Every entry below should be reproduced exactly, with all pictures left out.

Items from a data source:
§ §
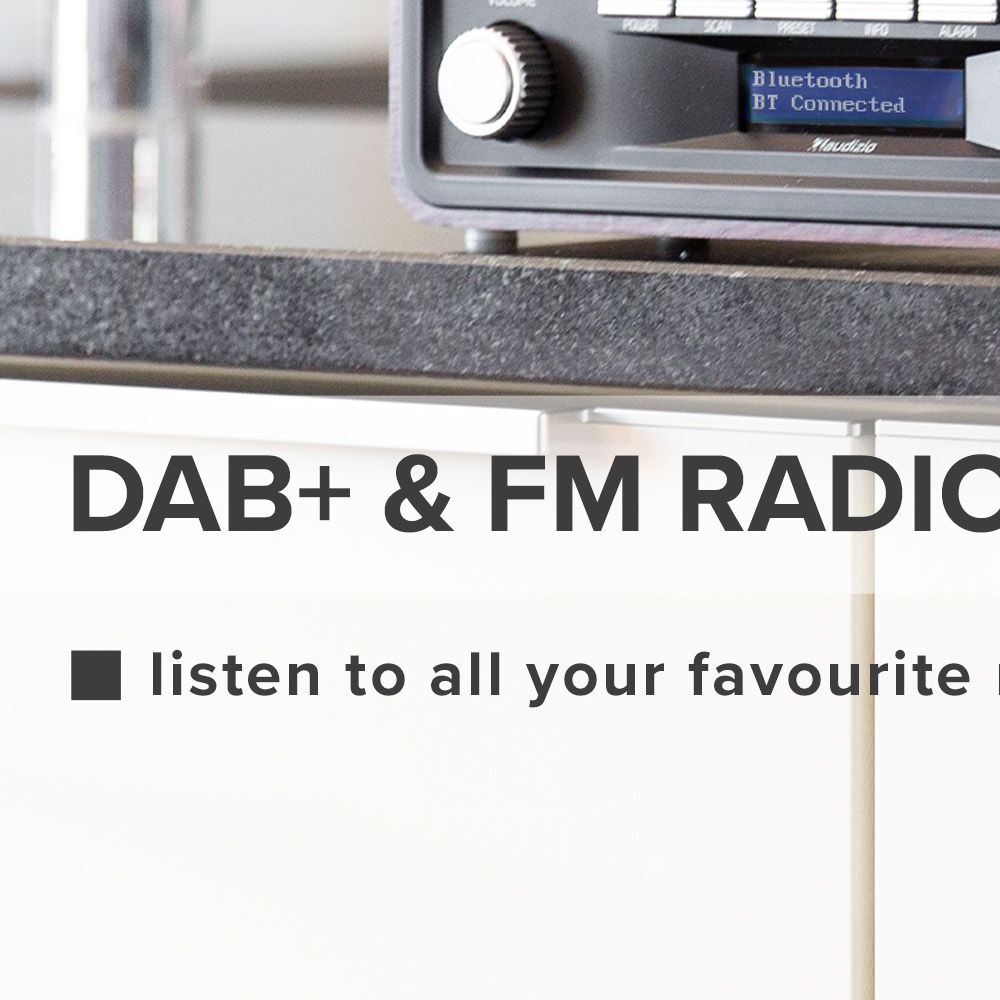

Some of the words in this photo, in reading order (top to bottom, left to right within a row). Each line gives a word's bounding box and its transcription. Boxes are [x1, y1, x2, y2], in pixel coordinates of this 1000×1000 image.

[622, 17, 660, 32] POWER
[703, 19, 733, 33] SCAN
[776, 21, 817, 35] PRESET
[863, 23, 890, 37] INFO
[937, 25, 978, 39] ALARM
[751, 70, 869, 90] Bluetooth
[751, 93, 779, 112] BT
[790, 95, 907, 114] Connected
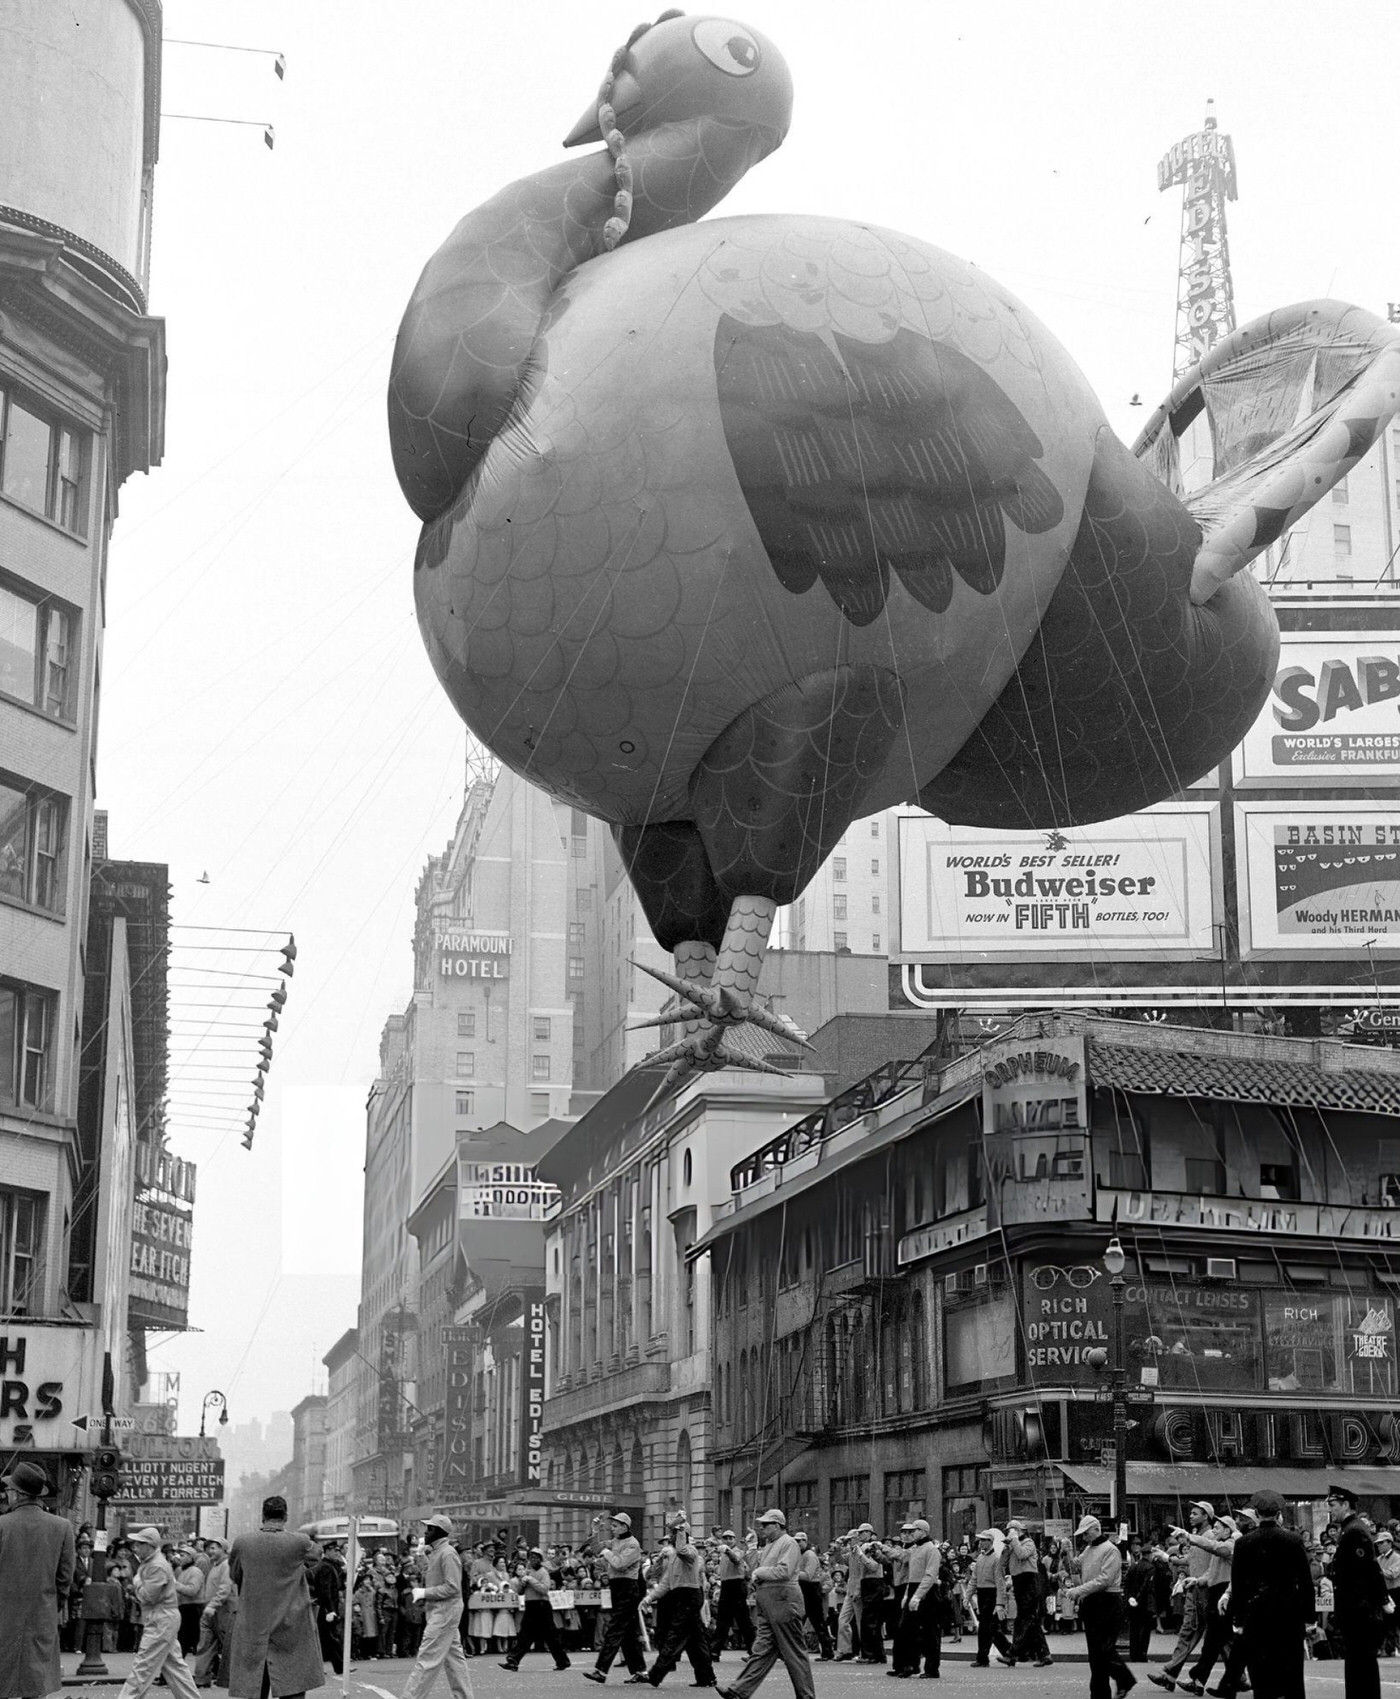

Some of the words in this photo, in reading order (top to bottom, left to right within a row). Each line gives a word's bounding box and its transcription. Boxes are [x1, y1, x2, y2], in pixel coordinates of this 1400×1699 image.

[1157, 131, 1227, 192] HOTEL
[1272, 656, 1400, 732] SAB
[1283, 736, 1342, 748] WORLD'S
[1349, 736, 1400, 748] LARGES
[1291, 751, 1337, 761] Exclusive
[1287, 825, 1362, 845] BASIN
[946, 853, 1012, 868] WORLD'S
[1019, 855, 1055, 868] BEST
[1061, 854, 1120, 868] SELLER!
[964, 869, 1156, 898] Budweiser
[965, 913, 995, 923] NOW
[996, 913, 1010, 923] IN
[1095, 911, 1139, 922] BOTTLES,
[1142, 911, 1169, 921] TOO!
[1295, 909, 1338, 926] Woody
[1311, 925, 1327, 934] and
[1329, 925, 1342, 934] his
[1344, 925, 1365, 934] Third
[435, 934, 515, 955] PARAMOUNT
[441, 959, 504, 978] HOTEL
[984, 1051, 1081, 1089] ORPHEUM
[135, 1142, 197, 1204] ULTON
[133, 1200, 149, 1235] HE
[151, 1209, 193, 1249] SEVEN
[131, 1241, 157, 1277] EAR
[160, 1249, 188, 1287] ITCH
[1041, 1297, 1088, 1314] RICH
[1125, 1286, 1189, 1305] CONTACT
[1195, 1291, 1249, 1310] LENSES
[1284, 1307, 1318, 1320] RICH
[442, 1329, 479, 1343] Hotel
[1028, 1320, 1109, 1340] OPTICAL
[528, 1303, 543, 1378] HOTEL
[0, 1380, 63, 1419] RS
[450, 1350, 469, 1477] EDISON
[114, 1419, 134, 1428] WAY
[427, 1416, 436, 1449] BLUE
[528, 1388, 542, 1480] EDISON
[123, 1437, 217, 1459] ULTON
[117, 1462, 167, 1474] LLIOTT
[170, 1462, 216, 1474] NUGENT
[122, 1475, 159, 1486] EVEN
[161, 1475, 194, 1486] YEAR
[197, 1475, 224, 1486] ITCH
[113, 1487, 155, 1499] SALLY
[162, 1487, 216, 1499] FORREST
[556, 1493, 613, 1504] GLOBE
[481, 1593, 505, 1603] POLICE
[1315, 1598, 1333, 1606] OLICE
§ §
## [ANSWER TO THIS PROBLEM]
Some of the words in this photo, in reading order (top to bottom, left to right within a row). Each line gives a word's bounding box and its transcription. Boxes are [x1, y1, x2, y2], in pixel coordinates of this 1000×1000 image.

[622, 17, 660, 32] POWER
[703, 19, 733, 33] SCAN
[776, 21, 817, 35] PRESET
[863, 23, 890, 37] INFO
[937, 25, 978, 39] ALARM
[751, 70, 869, 90] Bluetooth
[751, 93, 779, 112] BT
[790, 95, 907, 114] Connected

Some of the words in this photo, in reading order (top to bottom, left to right within a row). Each line gives a word's bounding box and its transcription. Boxes are [x1, y1, x2, y2], in pixel coordinates of this 1400×1699 image.

[1157, 131, 1227, 192] HOTEL
[1272, 656, 1400, 732] SAB
[1283, 736, 1342, 748] WORLD'S
[1349, 736, 1400, 748] LARGES
[1291, 751, 1337, 761] Exclusive
[1287, 825, 1362, 845] BASIN
[946, 853, 1012, 868] WORLD'S
[1019, 855, 1055, 868] BEST
[1061, 854, 1120, 868] SELLER!
[964, 869, 1156, 898] Budweiser
[965, 913, 995, 923] NOW
[996, 913, 1010, 923] IN
[1095, 911, 1139, 922] BOTTLES,
[1142, 911, 1169, 921] TOO!
[1295, 909, 1338, 926] Woody
[1311, 925, 1327, 934] and
[1329, 925, 1342, 934] his
[1344, 925, 1365, 934] Third
[435, 934, 515, 955] PARAMOUNT
[441, 959, 504, 978] HOTEL
[984, 1051, 1081, 1089] ORPHEUM
[135, 1142, 197, 1204] ULTON
[133, 1200, 149, 1235] HE
[151, 1209, 193, 1249] SEVEN
[131, 1241, 157, 1277] EAR
[160, 1249, 188, 1287] ITCH
[1041, 1297, 1088, 1314] RICH
[1125, 1286, 1189, 1305] CONTACT
[1195, 1291, 1249, 1310] LENSES
[1284, 1307, 1318, 1320] RICH
[442, 1329, 479, 1343] Hotel
[1028, 1320, 1109, 1340] OPTICAL
[528, 1303, 543, 1378] HOTEL
[0, 1380, 63, 1419] RS
[450, 1350, 469, 1477] EDISON
[114, 1419, 134, 1428] WAY
[427, 1416, 436, 1449] BLUE
[528, 1388, 542, 1480] EDISON
[123, 1437, 217, 1459] ULTON
[117, 1462, 167, 1474] LLIOTT
[170, 1462, 216, 1474] NUGENT
[122, 1475, 159, 1486] EVEN
[161, 1475, 194, 1486] YEAR
[197, 1475, 224, 1486] ITCH
[113, 1487, 155, 1499] SALLY
[162, 1487, 216, 1499] FORREST
[556, 1493, 613, 1504] GLOBE
[481, 1593, 505, 1603] POLICE
[1315, 1598, 1333, 1606] OLICE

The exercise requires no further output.